Once athletes become part of paid social campaigns, the work also needs clear disclosure. Australian advertising rules and equivalent frameworks elsewhere expect audiences to be able to tell when a post, appearance, or recommendation is part of a commercial relationship. A sponsored post that doesn’t read as sponsored damages both sides: the athlete loses credibility, and the brand loses the trust it was paying for in the first place.

How brands and athletes meet

Contacting an established athlete and an emerging one are different jobs. Famous athletes work through commercial agents who handle negotiations, contracts, content rights, and scheduling: you speak with the agent, the deal goes through formal channels, and the athlete’s involvement in any activation is negotiated case by case.
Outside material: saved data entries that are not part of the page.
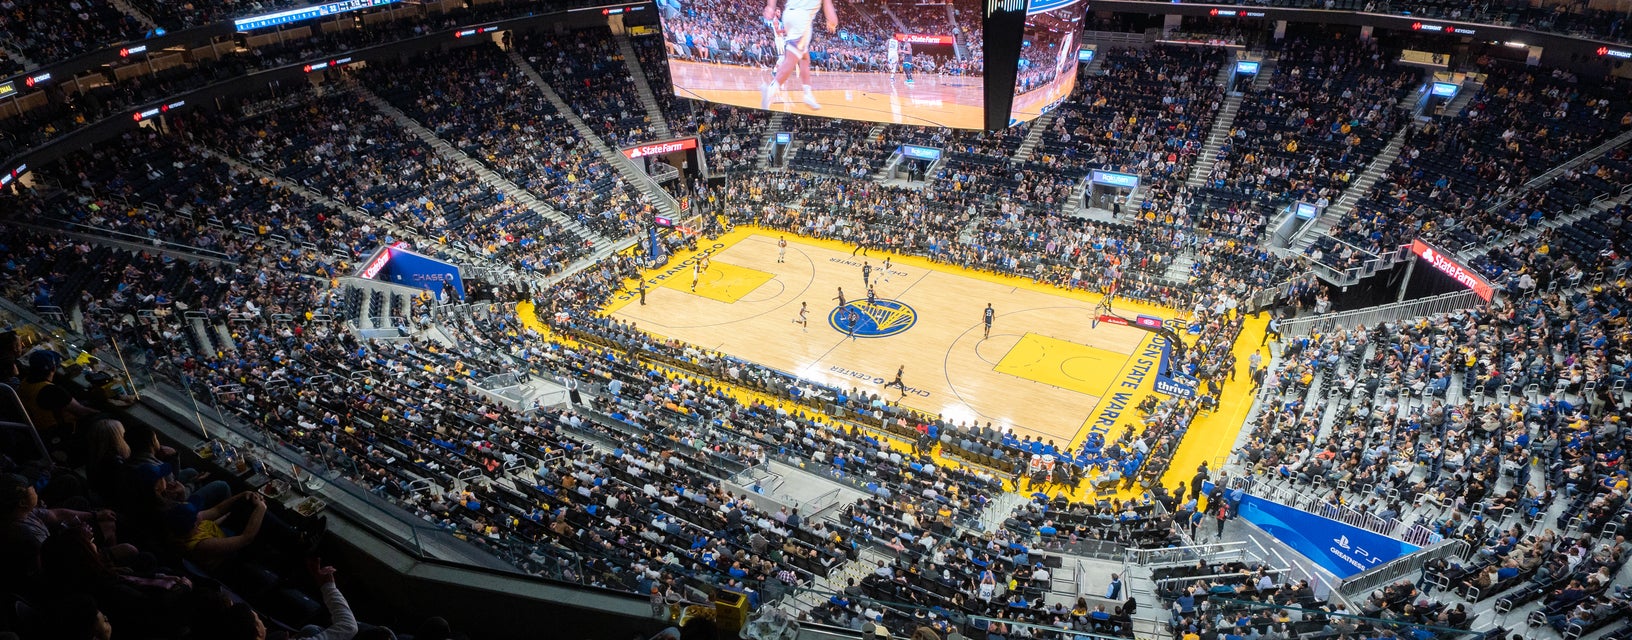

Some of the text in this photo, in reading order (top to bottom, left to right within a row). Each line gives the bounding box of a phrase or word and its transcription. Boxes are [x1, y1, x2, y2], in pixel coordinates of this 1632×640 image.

[412, 273, 443, 282] CHASE
[1121, 358, 1153, 390] STATE
[1330, 546, 1366, 571] GREATNESS
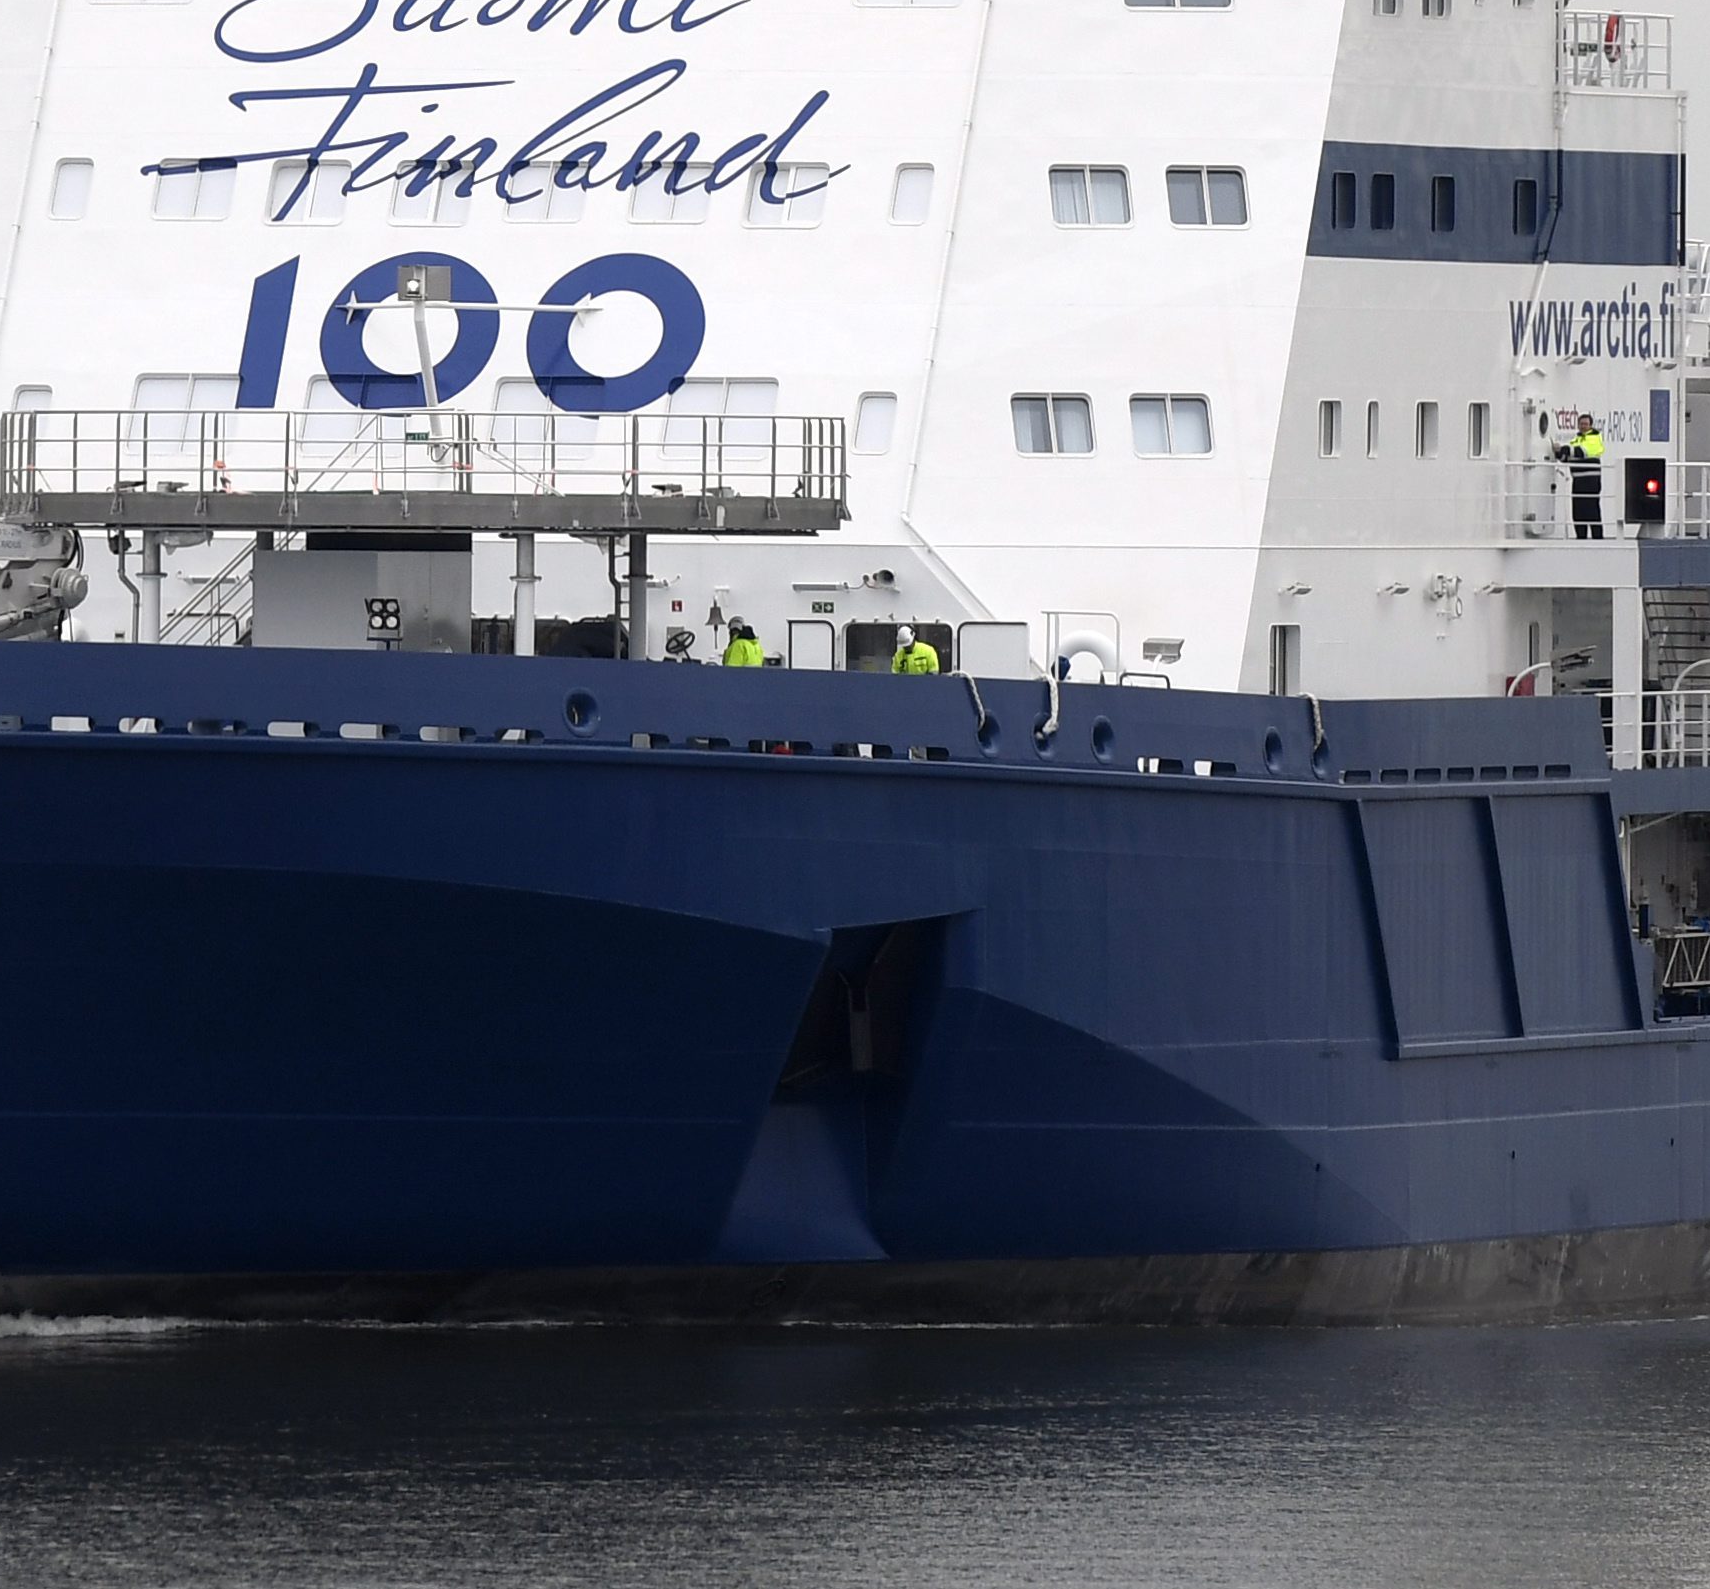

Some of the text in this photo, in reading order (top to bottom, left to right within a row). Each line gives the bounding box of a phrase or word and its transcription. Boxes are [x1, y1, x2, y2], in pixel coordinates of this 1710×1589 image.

[141, 58, 851, 223] Finland
[235, 250, 706, 418] 100
[1508, 280, 1675, 359] www.arctia.fi
Emerging athletes are often reachable directly through their own social channels, and a respectful approach via LinkedIn or a public Facebook page, with a clear introduction and a real proposal, can open the conversation.

The wider system matters whichever route you take. Pablo described sport as a pyramid with the athlete at the top and every other stakeholder underneath: companies, journalists, agents, federation officials, club presidents. The work runs better when everyone in that pyramid is aligned around the athlete’s success.

What carries across scales

These principles apply at every level: brand fit, activation, long-term commitment, and treating the athlete as a partner.

A lighter version of these ideas appeared in Mercado Negro’s AdNews issue 60 (November 2017), where I wrote a column on the first steps in sports marketing for a Peruvian audience.

The audience already brings the passion. Brands must earn association and maintain it long enough for it to stick.